空間デザインの三大要素
空間デザインにおける重要な要素とは何でしょうか?

最新のトレンドを理解することや何より顧客の意図を理解することなど、答えはもちろん一つではありませんが、やはりデザインのかなめとなる色や素材、形がすべてと言っても過言ではありません。

それぞれの要素について考えてみましょう。

色は、イメージの残るという点で、デザインの根幹を成しています。何かを思い出す時に、形や素材を説明するよりも色で思い出すことはないでしょうか?色はすぐに記憶できるとともに、誰にでも説明できる重要なツールでもあります。

人間は目から入ってくる情報に80パーセントも頼っているといわれ、その中でももっとも記憶しやすくイメージしやすいのが色です。色の影響力は顕著で、例えば車や髪の色を変えるとその人のイメージまでも変わってしまうほど、私たちは色から様々なことを考えています。

また色は表現力に富んでいます。
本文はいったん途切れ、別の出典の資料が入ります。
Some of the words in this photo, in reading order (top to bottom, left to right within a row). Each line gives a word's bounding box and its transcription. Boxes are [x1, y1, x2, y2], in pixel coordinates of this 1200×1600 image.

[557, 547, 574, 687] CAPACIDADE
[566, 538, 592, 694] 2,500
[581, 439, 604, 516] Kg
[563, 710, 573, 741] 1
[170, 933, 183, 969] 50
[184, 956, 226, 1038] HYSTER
三原色や有彩色・無彩色、色相やトーンなど体系的に分類可能ですが、そこまで詳しく知らなくても人に反応を起こさせることができるようになっており、空間デザインの中でも非常に重要な要素の一つです。

組み合わせによって無数のバリエーションが創造できるため、色を変えることで商品の売り上げを増加させたりするのはよく知られているところです。

素材

素材は、人が「感じる」部分に関してやはり影響力を持っています。本物の質感や雰囲気を人は好むものです。
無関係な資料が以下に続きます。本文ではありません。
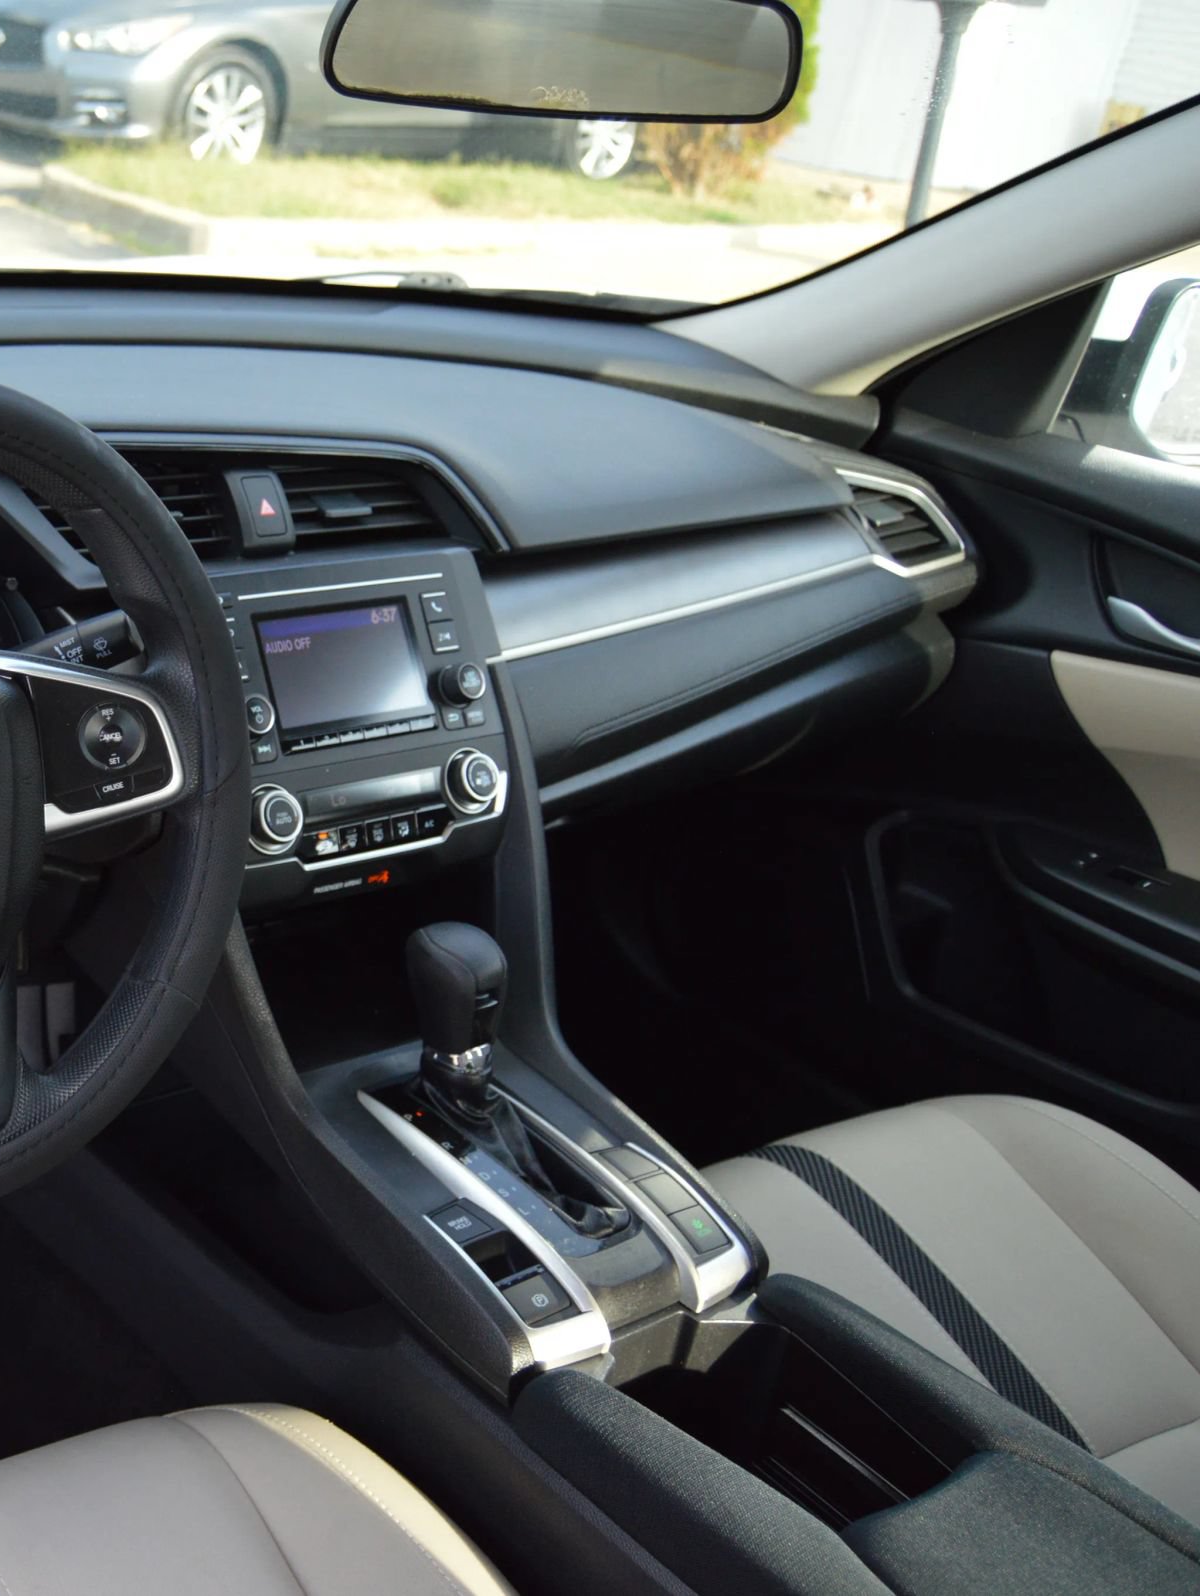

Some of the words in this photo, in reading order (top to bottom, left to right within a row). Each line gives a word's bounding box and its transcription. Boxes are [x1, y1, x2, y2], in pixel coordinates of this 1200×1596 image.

[59, 637, 75, 648] MIST
[265, 639, 293, 654] AUDIO
[294, 637, 311, 650] OFF
[66, 646, 82, 659] OFF
[101, 708, 114, 716] RES
[109, 757, 121, 765] SET
[102, 781, 125, 793] CRUISE
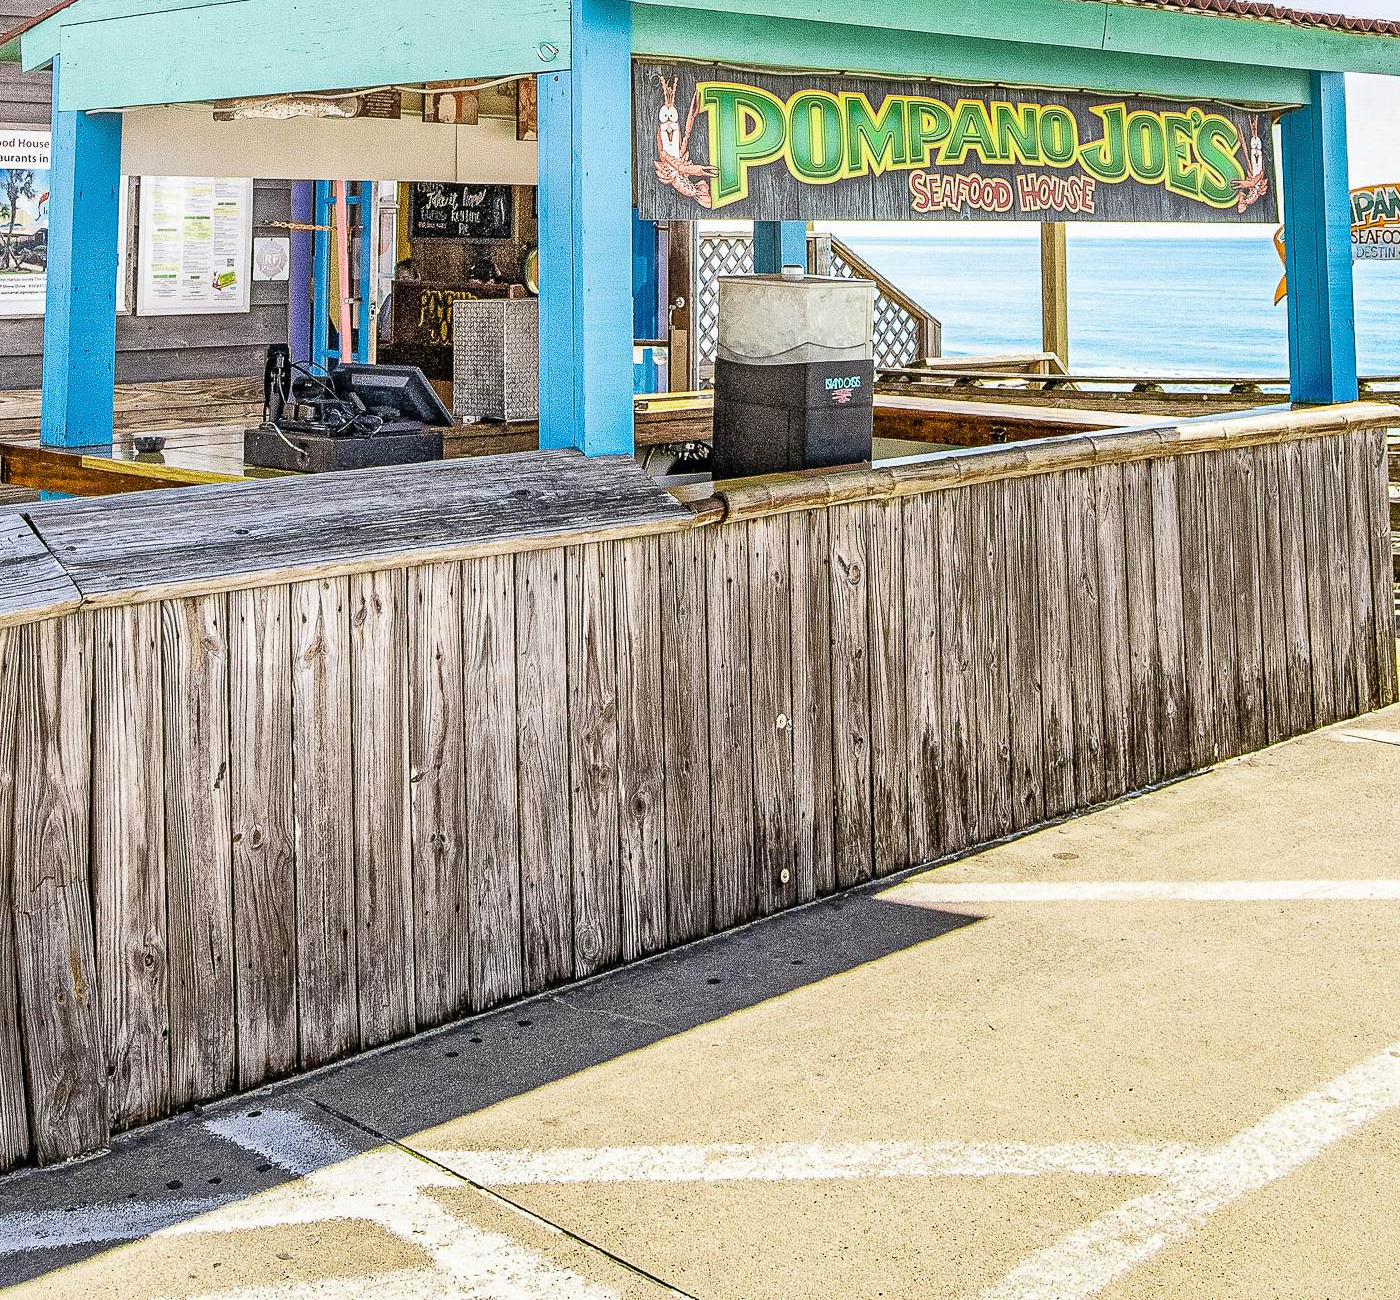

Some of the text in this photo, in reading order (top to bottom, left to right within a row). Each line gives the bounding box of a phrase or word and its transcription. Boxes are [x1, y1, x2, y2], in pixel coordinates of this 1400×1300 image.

[18, 138, 50, 148] House
[697, 82, 1246, 209] POMPANO JOE'S
[39, 153, 49, 163] in
[908, 170, 1096, 214] SEAFOOD HOUSE
[1356, 246, 1396, 258] DESTIN
フェイクの石や木では気付いてしまい、安物だと感じます。フローリングと無垢の木では、家で感じる安らぎや質感が大きく変わってくるように、素材の持つ力は見えないところで人の反応を左右します。

しかし本物にこだわるとコストがかかってしまうのも事実です。そこで一番目につく部分に本物の素材を使用し、そうでない部分はフェイクを使ってコストを下げるのも現実的な方法です。

形も重要です。形はデザインそのものであり、デザインとは造形であることを考えると、色・素材と密接に結びつけて考えられます。空間デザインで考える形とは、主に建造物や部屋などのまさに「空間」となり、それぞれに求められる条件や制限が変わってきます

これはレイアウト、つまり配置も大きく関係しており、特に商業施設では配置一つで売り上げや人件費などを左右し得るほどの影響力があります

まとめ

空間デザインにおける色・素材・形は、根幹をなすゆえに、どれも欠かすことはできません。普段見る建物でさえ、デザイナーがあらゆるポイントを設計した作品です。